Oscar Gomez, Steffen Holter, Jun Yuan and Enrico Bertini
The continued improvements in the predictive accuracy of machine learning models have allowed for their widespread practical application. Yet, many decisions made with seemingly accurate models still require verification by domain experts. In addition, end-users of a model also want to understand the reasons behind specific decisions. Thus, the need for interpretability is increasingly paramount. In this paper we present an interactive visual analytics tool, ViCE, that generates counterfactual explanations to contextualize and evaluate model decisions. Each sample is assessed to identify the minimal set of changes needed to flip the model's output. These explanations aim to provide end-users with personalized actionable insights with which to understand, and possibly contest or improve, automated decisions. The results are effectively displayed in a visual interface where counterfactual explanations are highlighted and interactive methods are provided for users to explore the data and model. The functionality of the tool is demonstrated by its application to a home equity line of credit dataset.

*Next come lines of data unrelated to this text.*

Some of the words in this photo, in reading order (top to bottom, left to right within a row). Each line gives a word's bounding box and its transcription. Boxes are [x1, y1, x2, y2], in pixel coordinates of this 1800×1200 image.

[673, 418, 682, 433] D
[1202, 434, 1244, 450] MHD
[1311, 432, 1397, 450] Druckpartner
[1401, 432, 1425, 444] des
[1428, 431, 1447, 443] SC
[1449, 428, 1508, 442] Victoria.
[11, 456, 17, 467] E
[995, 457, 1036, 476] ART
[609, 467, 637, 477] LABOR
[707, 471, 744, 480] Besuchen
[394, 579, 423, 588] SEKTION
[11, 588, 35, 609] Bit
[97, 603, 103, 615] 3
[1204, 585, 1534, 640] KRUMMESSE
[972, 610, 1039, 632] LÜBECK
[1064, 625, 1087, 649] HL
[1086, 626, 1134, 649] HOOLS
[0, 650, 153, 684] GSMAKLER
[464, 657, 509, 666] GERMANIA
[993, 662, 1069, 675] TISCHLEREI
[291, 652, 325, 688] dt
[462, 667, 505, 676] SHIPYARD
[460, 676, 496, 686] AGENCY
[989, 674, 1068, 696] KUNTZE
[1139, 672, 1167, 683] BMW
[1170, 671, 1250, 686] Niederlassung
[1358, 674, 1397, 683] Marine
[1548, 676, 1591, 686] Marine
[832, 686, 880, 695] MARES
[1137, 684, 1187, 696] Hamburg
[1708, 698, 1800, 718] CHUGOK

ViCE requires the following packages:
- numpy
- pandas
- scikit-learn
- pickle
import vice
# Initialize own local dataset
path = "~/diabetes.csv"
d = vice.Data(path)
# Initialize example dataset
# "diabetes": diabetes dataset
# "grad": graduate admissions dataset
d = vice.Data(example = "grad")
Advanced parameters for custom dataset initialization include
- :param data: preloaded data array with first row as feature names
- :param target: target column index (by default -1)
- :param exception: non-actionable feature column index list
- :param categorical: categorical feature column index list
# Initialize pre-trained model
m = vice.Model(model, backend = "scikit")
# Load model from path
model_path = "~/diabetes_svm.sav"
m = vice.Model().load_model(model_path)
# Train a model using initialized dataset
d = vice.Data(example = "diabetes")
m = vice.Model().train_model(d, type='svm')
Model allows backend specification ("scikit", coming soon: "tf", "pytorch"). Various model types available for immediate training in real-time
- "svm": support vector machines
- "rf": random forests
- "lg": logistic regression
# Initialize basic counter factual explanation visualiser
vice_explainer = vice.Vice(d,m, mode = "basic")
# For more a more comprehensive tool select "full" mode. Note: this option can be time intensive
vice_explainer = vice.Vice(d,m, mode = "full")
To get a general feel for the ViCE tool it is sufficient to use "basic" mode. It is optimal for creating explanations with a few clicks. On the other hand, "full" mode uses data preprocessing to contextualize the individual explanations with regards to the rest of the samples in the dataset. For very large datasets, this can take a considerable amount of time, thus such data should ideally be sampled. (Coming soon: in built sampling)
Vice generates a visual explanation for the specified sample.
vice_explainer.generate_explanation(sample_no = 1)